Jr a Napoli un intervento affascinante ma anche controverso
Eppure, c’è qualcosa di profondamente divisorio, forse proprio per questo affascinante, nell’imponente opera che JR ha collocato sulla facciata del Duomo di Napoli, ottavo capitolo del progetto Chronicles, che arriva in Italia sotto l’egida delle Gallerie d’Italia e con il patrocinio del Comune. L’intento dichiarato è quello di restituire un’immagine plurale e partecipata della città, attraverso i volti dei 606 cittadini immortalati. Ma proprio nel tentativo di restituire un’identità corale, qualcosa si perde. O forse si rivela.
Il volto di Napoli, proiettato su uno dei suoi luoghi simbolici più carichi di storia e spiritualità, sembra oggi rispondere a una domanda che non viene dalla città stessa, ma dall’esterno: chi sei? — e, più precisamente, chi vuoi che il mondo creda tu sia? Si può davvero rispondere a questa domanda con un murale fotografico, per quanto monumentale? Oppure l’ennesima narrazione visiva destinata a fare il giro del mondo riduce Napoli, ancora una volta, a scenografia?







L’opera di Jr sulla facciata del duomo in bilico tra l’ammirazione e lo stereotipo
La scelta del Duomo come supporto non è neutrale. È un gesto potente, simbolico, che si vorrebbe inclusivo. Ma può un’opera pubblica essere realmente tale, se la città che la ospita resta in gran parte esclusa dai circuiti artistici, se l’arte contemporanea continua a essere una prerogativa di pochi, se le istituzioni investono più nel riflesso estetico che nella sostanza? Napoli ha bisogno di essere vista, certo, ma non solo guardata.
Nel comunicato stampa si legge che JR ha scelto Napoli per la sua “energia ineguagliabile”, per una vitalità che lo stesso artista descrive con parole che oscillano tra l’ammirazione e lo stereotipo: “On the road for instance no one respects traffic law but everyone cares about each other”. Una frase che sembra voler cogliere una sorta di anarchia affettiva, ma che finisce per consolidare un’immagine romantica e disfunzionale. Davvero questa è la cifra di cui Napoli ha bisogno per ripensarsi?

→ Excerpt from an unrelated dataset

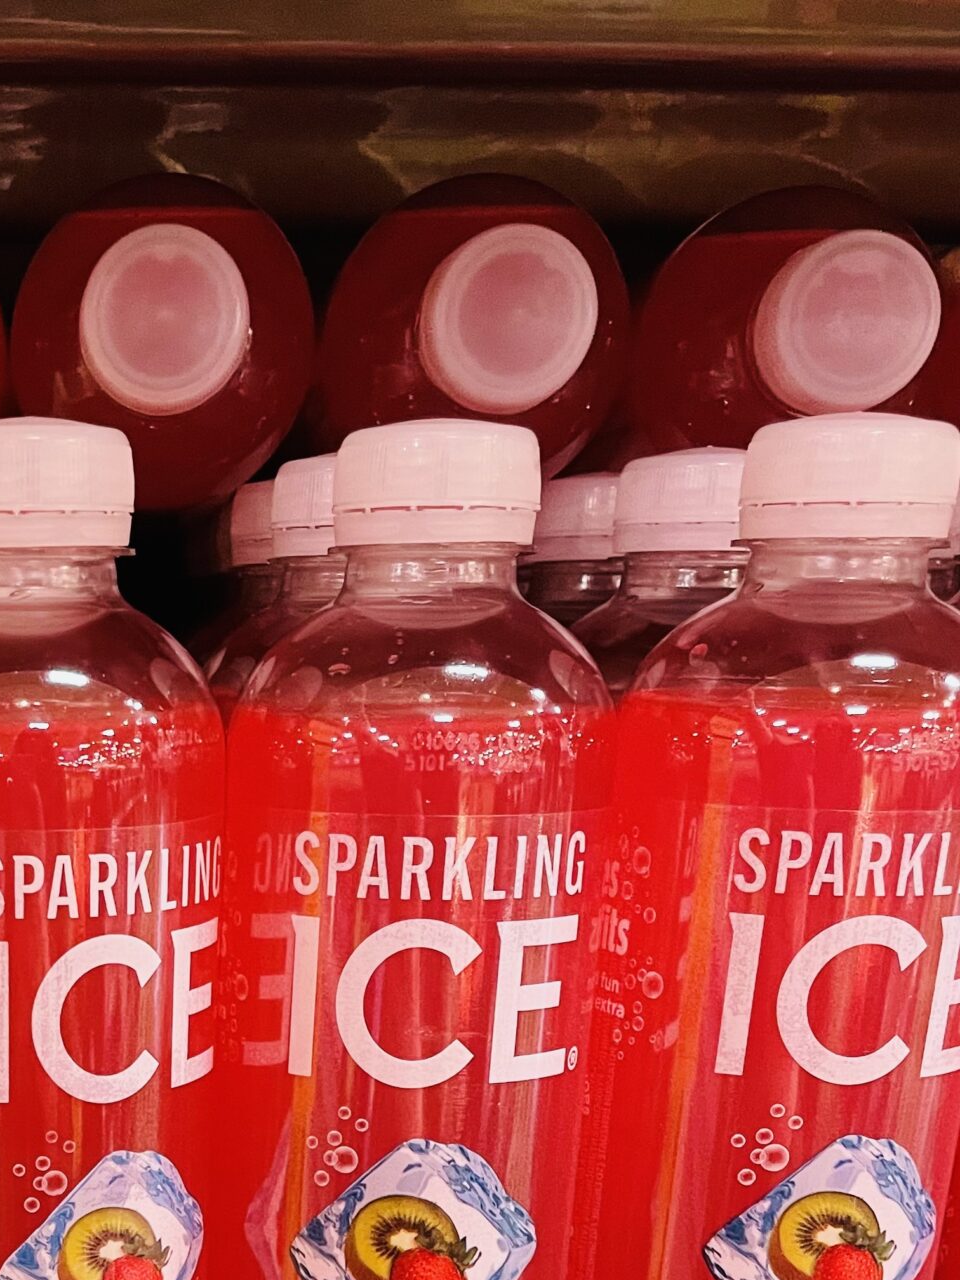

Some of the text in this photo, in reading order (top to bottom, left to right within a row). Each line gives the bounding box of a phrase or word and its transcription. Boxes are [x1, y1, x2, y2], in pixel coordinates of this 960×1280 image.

“Chi sei, Napoli?” Un murale scenografico che colpisce rimanendo in superficie
L’opera, emotivamente coinvolgente, offre senza dubbio una possibilità di riconoscimento a chi vi si ritrova rappresentato. Ma ciò che inquieta è il contesto: l’operazione si inserisce in un circuito museale prestigioso, sponsorizzato da una banca, presentato dalle istituzioni con orgoglio. Un progetto che celebra l’inclusione mentre la città fatica ad accedere agli spazi della cultura in maniera sistemica, strutturale, quotidiana. È il paradosso dell’arte pubblica contemporanea: arrivare ovunque, ma restare in superficie.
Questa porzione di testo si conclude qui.